▶ [The problem] Skip the images and restate every line of the records exactly.

▶ [Material for this task]
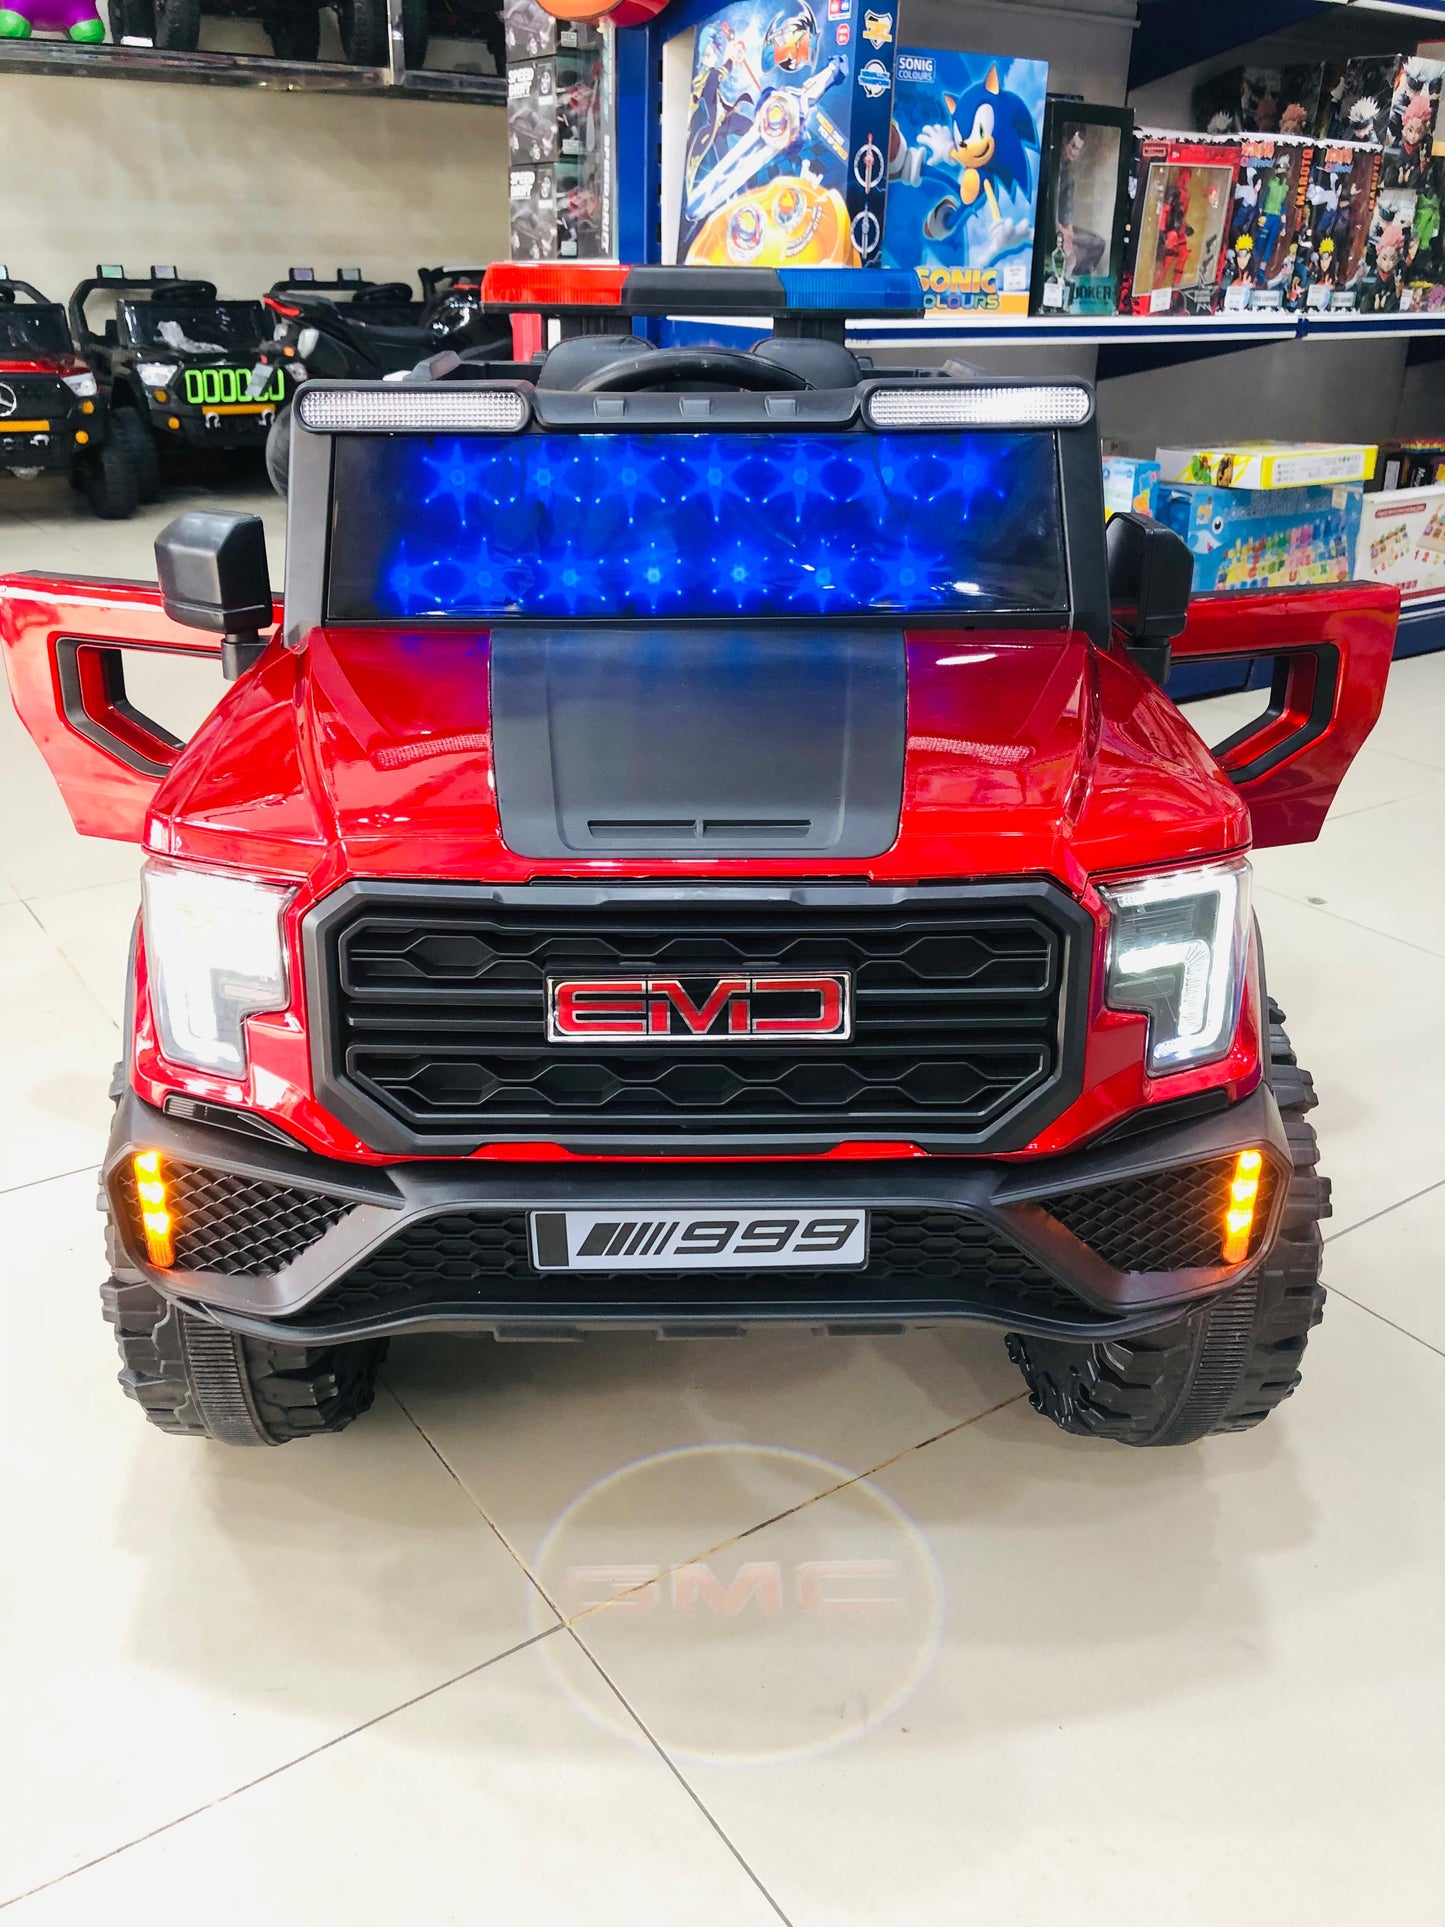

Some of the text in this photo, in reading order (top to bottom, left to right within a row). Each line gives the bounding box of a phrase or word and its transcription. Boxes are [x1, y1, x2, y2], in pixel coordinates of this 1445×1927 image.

[898, 70, 933, 81] COLOURS
[1295, 147, 1314, 206] NARUTO
[917, 268, 998, 294] SONIC
[923, 293, 999, 309] OLOURS
[673, 1218, 861, 1255] 999
[565, 1557, 906, 1617] GMC
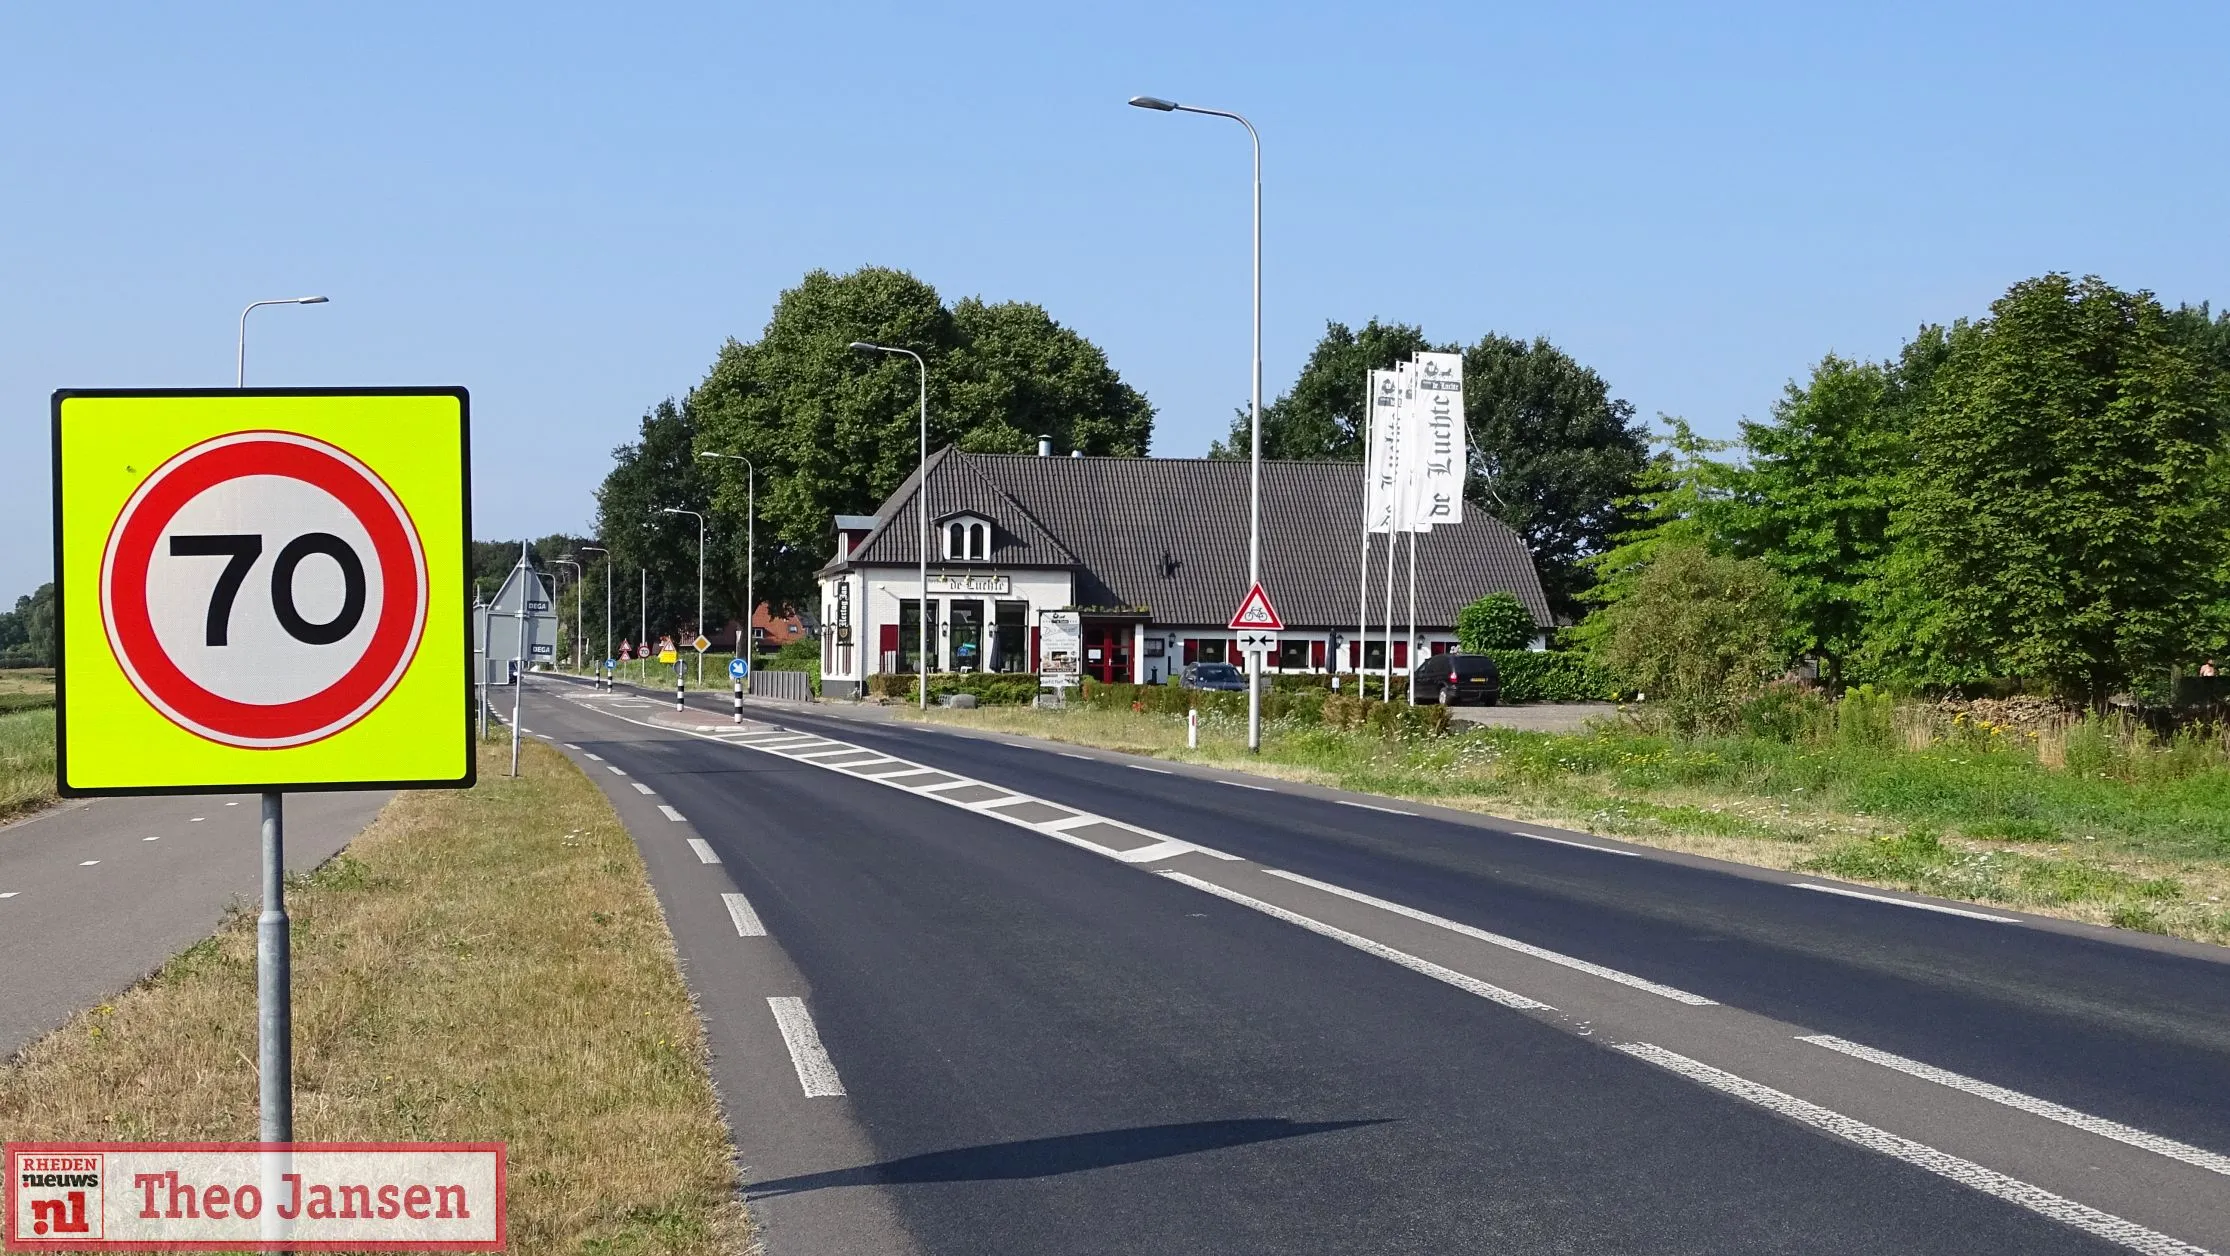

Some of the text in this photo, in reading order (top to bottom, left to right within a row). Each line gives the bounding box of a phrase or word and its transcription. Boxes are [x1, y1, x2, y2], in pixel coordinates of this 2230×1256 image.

[1427, 395, 1454, 479] Luchte
[1429, 493, 1451, 517] de
[169, 532, 367, 647] 70
[528, 602, 546, 610] DEGA
[532, 646, 550, 654] DEGA

▶ [Solution for this exercise]
Some of the text in this photo, in reading order (top to bottom, left to right within a row). Each line gives the bounding box of a phrase or word and its transcription. Boxes are [x1, y1, x2, y2], in pixel coordinates of this 1445×1927 image.

[898, 70, 933, 81] COLOURS
[1295, 147, 1314, 206] NARUTO
[917, 268, 998, 294] SONIC
[923, 293, 999, 309] OLOURS
[673, 1218, 861, 1255] 999
[565, 1557, 906, 1617] GMC

Some of the text in this photo, in reading order (top to bottom, left to right within a row). Each line gives the bounding box of a phrase or word and its transcription. Boxes are [x1, y1, x2, y2], in pixel coordinates of this 2230×1256 image.

[1427, 395, 1454, 479] Luchte
[1429, 493, 1451, 517] de
[169, 532, 367, 647] 70
[528, 602, 546, 610] DEGA
[532, 646, 550, 654] DEGA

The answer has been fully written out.